He didn’t smile any greeting or nod in appreciation of past services. His eyes were wide open, and he was cold and stiffening up. I had a little trouble easing the sheet of paper from between the right thumb and forefinger that held it. I took the paper and the ball-pen and slipped them into my pocket just before Severus came in.
Severus stood by me, looking at him, at the big heavy face and the sabre-ripped, blood-matted shirt.
“This the one?”
“That’s him.”
“If he’d come to the launch, we could have helped him. Maybe saved him. Santa Maria – look at his side!”
I didn’t because I’d already seen it.
I said, “He hung around, watched them, checked them out, and then came back here to see what he could find. And he couldn’t have known or believed how bad he was.”
Severus moved to the table and looked at the telephone. He touched it with his finger.
“I think he did,” he said. “There’s blood on it. He telephoned. For help?”
“Or to pass information?” For help most likely, I thought, otherwise why start writing while he waited?
Severus said, “What do we do about him?”
“Leave him here. Tidying up isn’t in our brief. Poor bastard.”
Severus turned away from the table and nodded sympathetically. I saw the swift flick of his involuntary wink, and the greasy shift of his lank lock of hair – then there was a crack like lake ice splitting. He fell away from me, gave one high, animal scream, from what had a second before been his face, and thudded to the ground.
I don’t suppose I remembered it then in so many words, but an old Miggs’s precept worked. A standing post is easy to hit from three yards. The butt end of a post flying towards you creates problems in marksmanship. Be a flying post.
I dived for her, flat out, and she fired and took the heel off my right shoe, though I didn’t know it at the time. I had her in my vision for a good half-second before I hit the ground a yard from her and belly-skidded across the stone tiles, reaching for her ankles. She wore a blue dress with white collar and cuffs like a District Nurse and a white, big-peaked cap like a jockey’s, and her wide motherly face was twisted into a solid look of murder. Maybe she’d loved Spiegel truly, and this was pure vendetta, or maybe she was just as toughly professional as Baldy had been. Either way, she meant business and got in another shot, that laid a red-hot poker down the inside of my left leg, just as my hands crashed into and held her ankles. Frau Spiegel, or Frau Merkatz, came down on top of me like a house falling, a house full of a few hundred spitting, claw-ripping cats. I let her have her way while I rolled from under the weight and grabbed at her right wrist. She held it away from me, using feet, knees, and the nails of her left hand, while her teeth went through the stuff of my jacket, deep into the flesh of my right shoulder.

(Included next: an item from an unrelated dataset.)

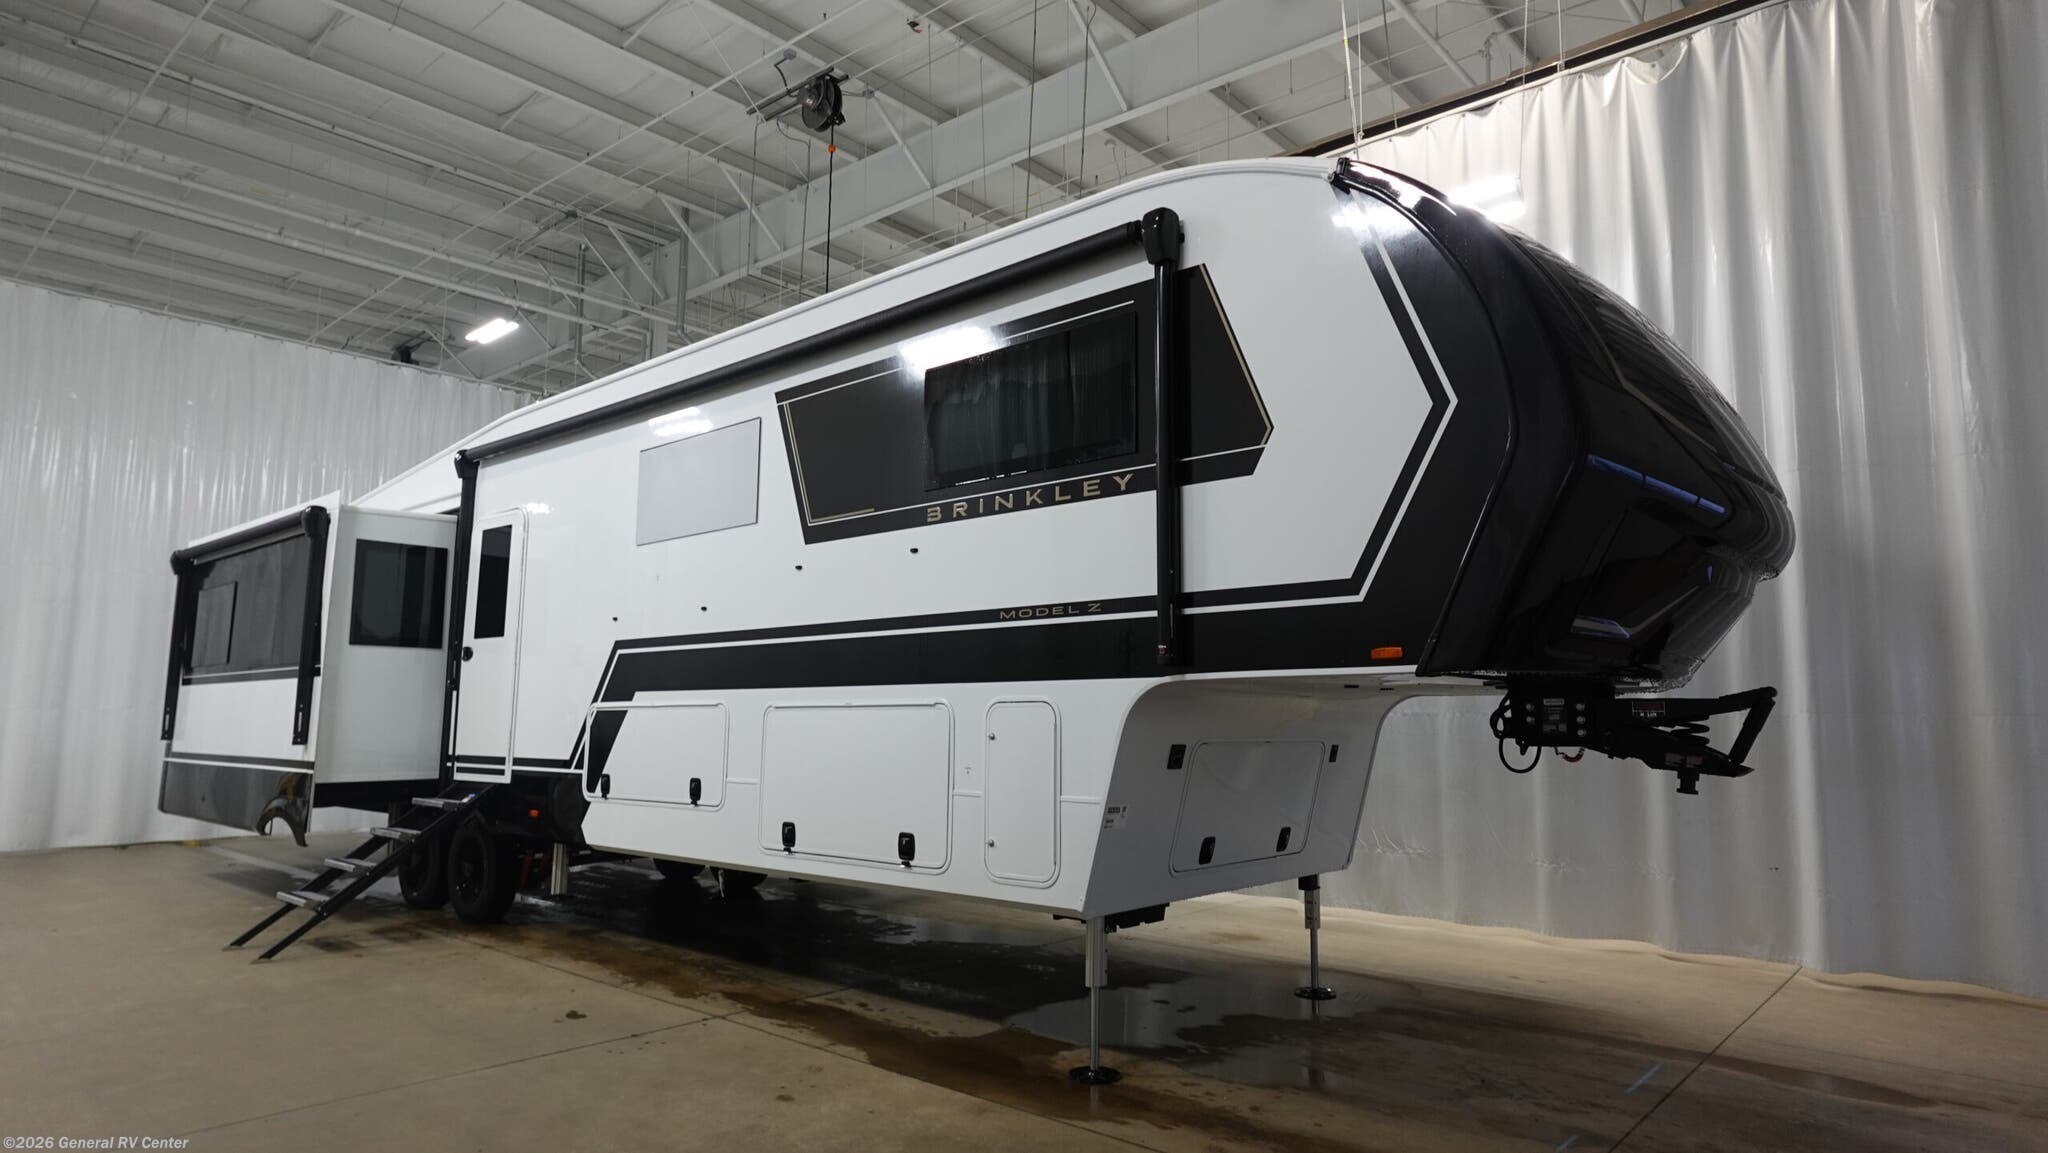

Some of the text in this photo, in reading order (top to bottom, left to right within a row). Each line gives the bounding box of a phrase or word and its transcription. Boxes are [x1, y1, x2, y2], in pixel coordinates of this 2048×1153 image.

I got her wrist at last and gave it a twist that made her cry with pain and loosen her hold on my shoulder. The gun in her hand skidded away somewhere, useless to us both, and she pounded her fists into my face and scrambled away from me. We both came up together. It was the first time in my life with a woman that I didn’t care a damn about the niceties, about gallantry, and old world courtesy. I didn’t want any in-fighting with a mountain cat from the Urals weighing a hundred and ninety pounds. I slammed my right fist into her jaw. Her head snapped backwards on her shoulders and she went over, crashed to the floor, and her head jerked violently as she hit the tiles.
She lay there, breathing heavily, but out. I picked up her gun from the floor and ran to the kitchen door. There was no one outside in the hallway.
I went back. There was nothing I could do for Severus. I felt sick and I was shaking all over.
I didn’t spare her. She was well out, safe from embarrassment and I was a grown man. I gave her the full search treatment. And I did the same for Baldy. For him I felt genuine sorrow and respect. I got nothing from him. And not much from her. She had a small purse in her dress pocket. Apart from some lire notes the only other thing in it was a thin flat silver pill-box affair about the size of a half-crown. The lid screwed off with a half turn and there were a dozen flat white tablets inside. I kept the box for I had an idea what they were, though I knew I wouldn’t feel safe about them without a proper chemical analysis.
I pulled up my left trouser leg and wrapped an old tea towel around a messy but not serious wound, and I did what I could to my face at the kitchen sink. There was nothing I could do about the teeth marks in my shoulder except get an anti-tetanus injection and hope that Vérité would not be jealous.
From the hallway I telephoned Vérité at our hotel. I didn’t go into details. I just told her to get our stuff packed and get up to the Piazzale Roma and hire a car so that we could get out of Venice fast. I wanted, I said, to see Herr Malacod as soon as possible.
It was only as I was going down to our launch that I discovered I was limping from the loss of my right shoe heel.